If the oxygen just suddenly jumped up to 100%, if I remember correctly, it would be toxic to humans.


----------



## dulcinea (Aug 22, 2011)

You'd have giant insects for a while before everyone died of oxygen toxicity and the slightest spark ignited the entire planet of fire.


----------



## Simpson17866 (Dec 3, 2014)

dulcinea said:


> You'd have giant insects for a while before everyone died of oxygen toxicity and the slightest spark ignited the entire planet of fire.


 You're right! How, with all of the hellfire and brimstone, could I have forgotten about the monstrous locusts :laughing:


----------



## Lakigigar (Jan 4, 2016)

Not to mention that Earth would be an ice planet. Not only would "all flora" have been gone, we would have no greenhouse gases anymore. Despite trees not being able anymore to filter co2, it would tip the balance towards a colder climate, a freezing planet or ice planet. The Earth would be a snowball earth with completely covered by thick glaciers that would lock up all our chemical gases (if we would still have them). Technically, it could become so cold that all the oxygen would condensate or even freeze. Our atmosphere would be gone. The only possible oceans could be formed deep underground. Earth would be unrecognizable and the consequences would lead to even more consequences but Earth would probably look like a combination of mars, pluto, enceladus and europa. 

What would happen more? metal would rust easier, therefore creating huge rust deposits on the ocean floor and creating more continental crust or landmasses. The forest fires would create large coal deposits. Everything would burn, even steel. And actually even the atmosphere would burn, it would all be lit on fire. Everything you know of. The atmosphere would be gone. The oceans would damp before everything would freeze to death.

Insects (and animals) would grow larger (but they wouldn't have the time for it). marine life would migrate to the deep sea since "the anoxic conditions" would be favorable with increased oxygen levels, exterminating existing life there to be filled with the dominant life forms in the higher seas (but again, they wouldn't have the time for it).

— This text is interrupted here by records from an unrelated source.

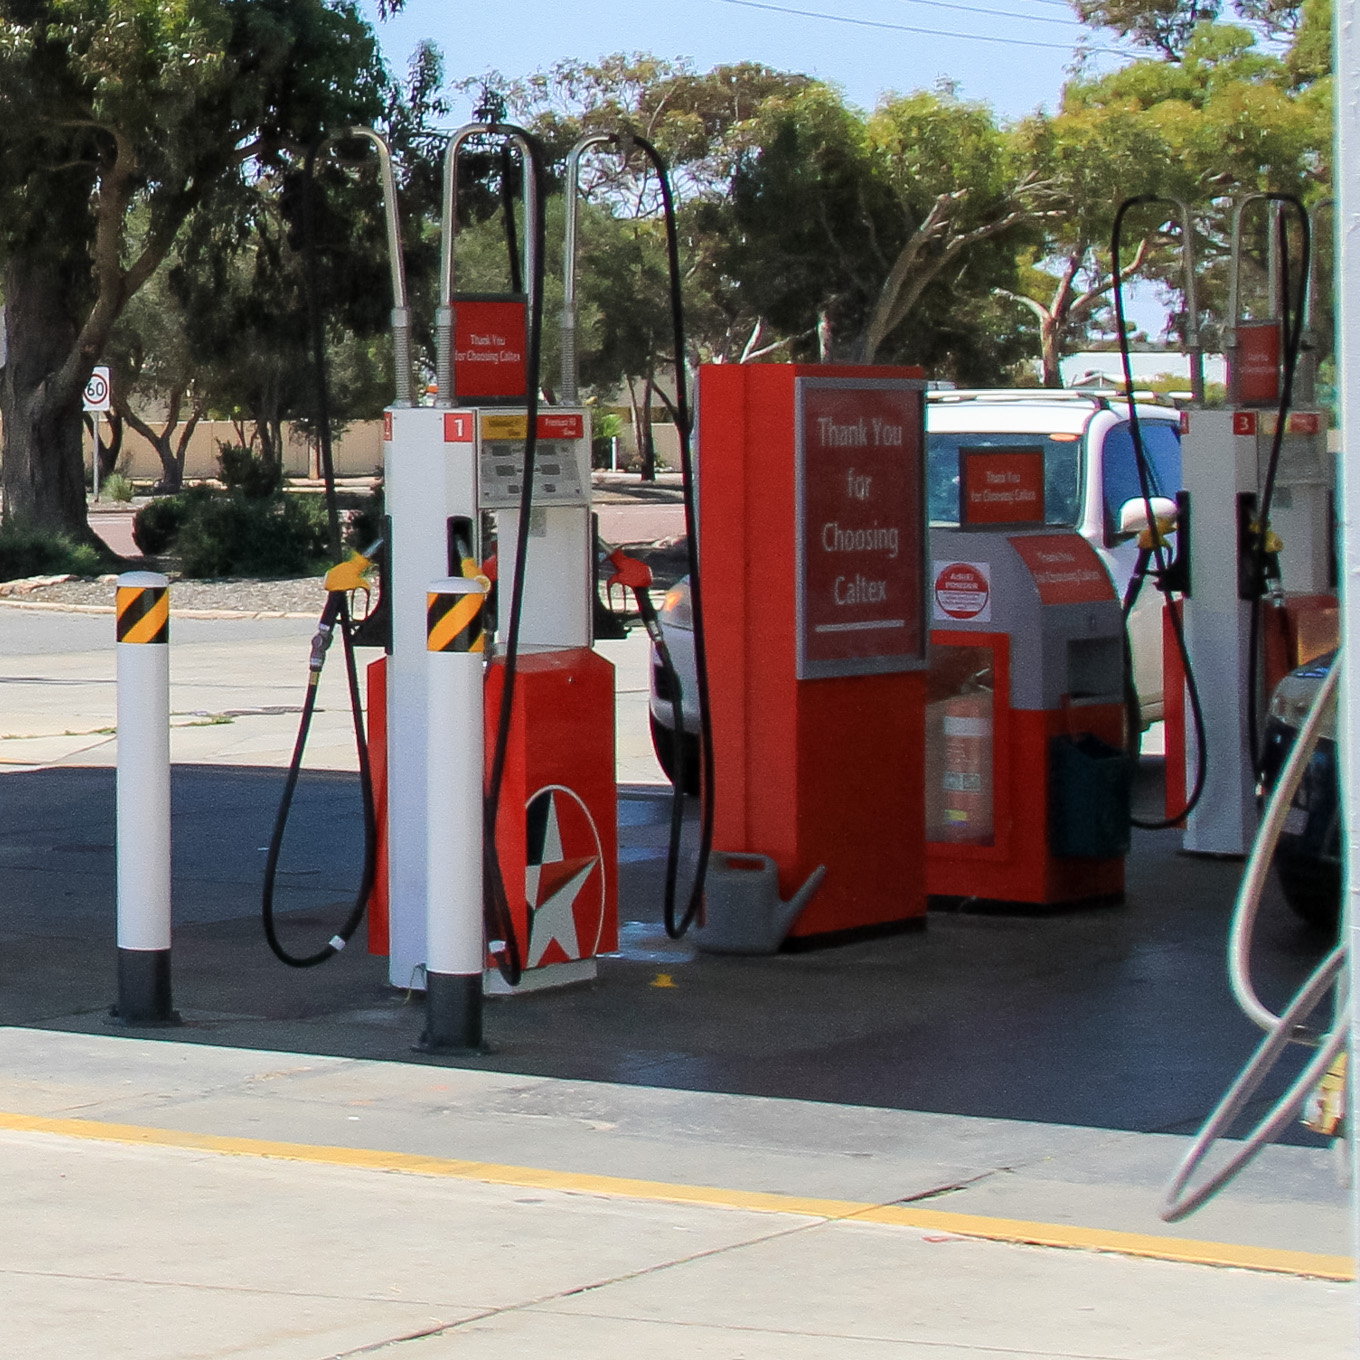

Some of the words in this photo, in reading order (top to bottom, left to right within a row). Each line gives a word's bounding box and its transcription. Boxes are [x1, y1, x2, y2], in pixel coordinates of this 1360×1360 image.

[87, 381, 105, 397] 60
[454, 418, 464, 437] 1
[817, 415, 868, 447] Thank
[871, 415, 903, 447] You
[1239, 415, 1250, 431] 3
[821, 519, 900, 559] Choosing
[833, 573, 887, 606] Caltex

Even 50% and more would be inhabitable and 30-35% would have large consequences (larger animals and insects, more forest fires, very cold planet, probably too cold to sustain life in large areas, more rust and coal deposits, rapid evolution (both plant, microbiological, animal and marine life), the migration of marine life to the deep ocean, decreased sea levels, ... )


----------



## ShatteredHeart (Jul 11, 2014)

only a small fraction of air is oxygen, most of it is actually nitrogen


----------



## Simpson17866 (Dec 3, 2014)

ShatteredHeart said:


> only a small fraction of air is oxygen, most of it is actually nitrogen


 And isn't that a good thing :wink:


----------



## Lakigigar (Jan 4, 2016)

Simpson17866 said:


> And isn't that a good thing :wink:


no it's not, we better be extinct.


----------



## Hero of Freedom (Nov 23, 2014)

dulcinea said:


> You'd have giant insects for a while before everyone died of oxygen toxicity and the slightest spark ignited the entire planet of fire.

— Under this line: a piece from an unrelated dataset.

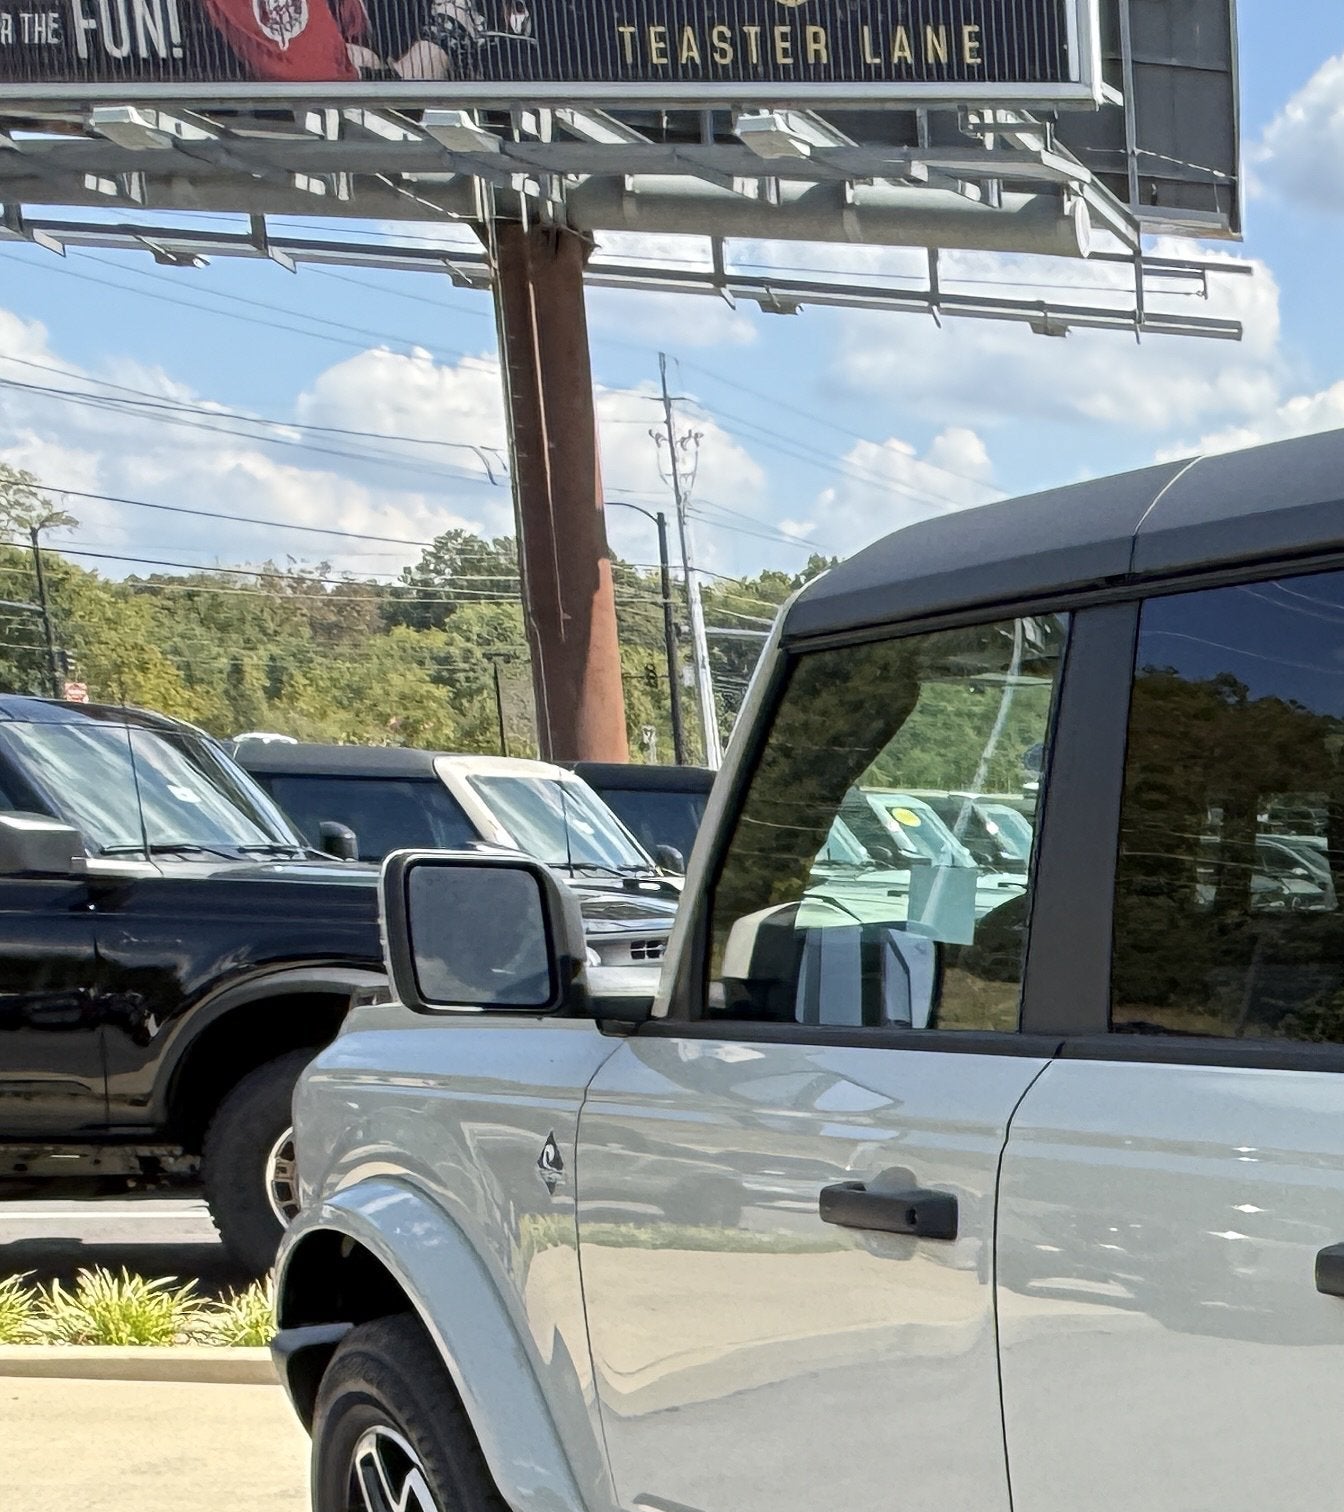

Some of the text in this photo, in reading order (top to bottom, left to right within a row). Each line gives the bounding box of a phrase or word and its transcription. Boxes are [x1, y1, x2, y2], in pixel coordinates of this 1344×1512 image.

Giant insects would be the worst phenomenon. You would then need an actual crossbow and not just a 'toothpick crossbow' or 'bug-a-salt gun'. I have one but accuracy is very hard to predict seems.


----------



## Jonn (Mar 17, 2014)

1. you would die
2. you would get poisoned
3. you would explode.

Now why?
1. You would die from your cells catching fire. 
What you forget is that nitrogen, which makes up 70% of the atmospheric air actually stops fire from spreading or even igniting.
With 100% oxygen, there would be absolutely no restrictions on what would catch fire, grinding your hands to make a little more heat in winter would make the air around you ignite. but your cells do "ignition" all the time by burning fat/sugar/protein inside of them, with only oxygen those processes would produce flames and your cells would burn from the inside.

2. Your lungs can't handle more than 20% oxygen, they're actually not build to take in 30% or 40% oxygen, you could evolve to take in less air, meaning a lower density of air, though still in the same percentages. The himalayans take in a lower density air, but it is still 20% oxygen.
Some 100 mio. years ago the dinosaurs lived with a 30% oxygen atmosphere, their bodies in turn were huge. The oxygen percentage in the atmosphere had something to do with their scale, in that sense I could tell you our lungs would have to be same size as the dinosaurs for us to be capable of taking in 30% oxygen.

3. The pressure in an 100% oxygen atmosphere is also different, which means that our bodies would explode or implode on the change in atmosphere. At least our hearts would have constant heart stops or heart attacks for as long as we kept our mouths, ears, eyes or nostrals open.


----------



## Flow Ozzy (Nov 7, 2015)

I read somewhere that people will become taller, :S


----------



## Fumetsu (Oct 7, 2015)

Huh. I was aware of most if these situation but why larger insects? Sonething like ( exo) skeletal density?


----------



## Flow Ozzy (Nov 7, 2015)

Fumetsu said:


> Huh. I was aware of most if these situation but why larger insects? Sonething like ( exo) skeletal density?


https://www.livescience.com/1083-oxygen-giant-bugs.html


----------



## Hero of Freedom (Nov 23, 2014)

Crotch Asphyxiation said:


> I read somewhere that people will become taller, :S


Attack on Titan would become real? Use a grappling hook and special blades designed to take down massive titans ravaging your city/town and eating people.






In this case what would you do @Lemmy or anybody else here who's a fan of this stuff XD?


----------



## Eren Jaegerbomb (Nov 13, 2015)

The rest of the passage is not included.